WHAT THE TASK ASKS:
Repeat each entry as written, dropping any picture you find.

Stored records:
..............................

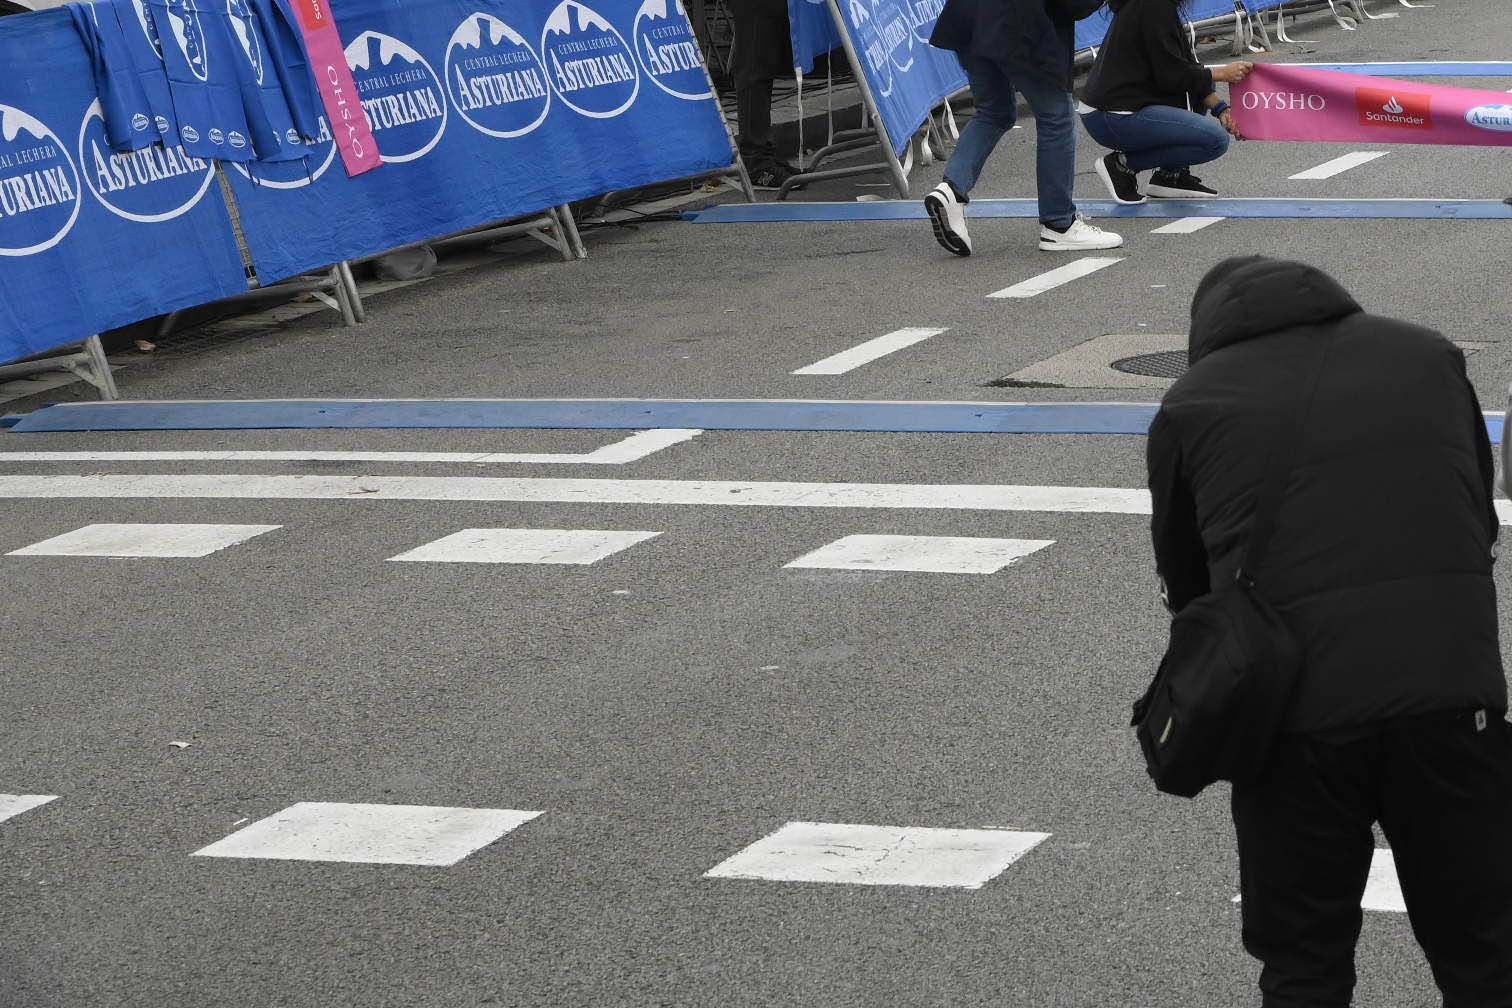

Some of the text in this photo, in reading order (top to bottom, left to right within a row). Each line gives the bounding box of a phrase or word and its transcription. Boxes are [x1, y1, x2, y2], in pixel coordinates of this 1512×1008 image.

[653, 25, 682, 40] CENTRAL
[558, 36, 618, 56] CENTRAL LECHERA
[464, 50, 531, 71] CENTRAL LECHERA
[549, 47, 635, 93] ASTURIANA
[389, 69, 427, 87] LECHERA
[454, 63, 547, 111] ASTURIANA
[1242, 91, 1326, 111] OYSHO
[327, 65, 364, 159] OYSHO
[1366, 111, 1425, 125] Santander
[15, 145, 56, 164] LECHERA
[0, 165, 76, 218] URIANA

..............................

SOLUTION FOR THIS EXERCISE:
Some of the text in this photo, in reading order (top to bottom, left to right within a row). Each line gives the bounding box of a phrase or word and its transcription. Boxes are [x1, y1, x2, y2], in pixel coordinates of this 1512×1008 image.

[653, 25, 682, 40] CENTRAL
[558, 36, 618, 56] CENTRAL LECHERA
[464, 50, 531, 71] CENTRAL LECHERA
[549, 47, 635, 93] ASTURIANA
[389, 69, 427, 87] LECHERA
[454, 63, 547, 111] ASTURIANA
[1242, 91, 1326, 111] OYSHO
[327, 65, 364, 159] OYSHO
[1366, 111, 1425, 125] Santander
[15, 145, 56, 164] LECHERA
[0, 165, 76, 218] URIANA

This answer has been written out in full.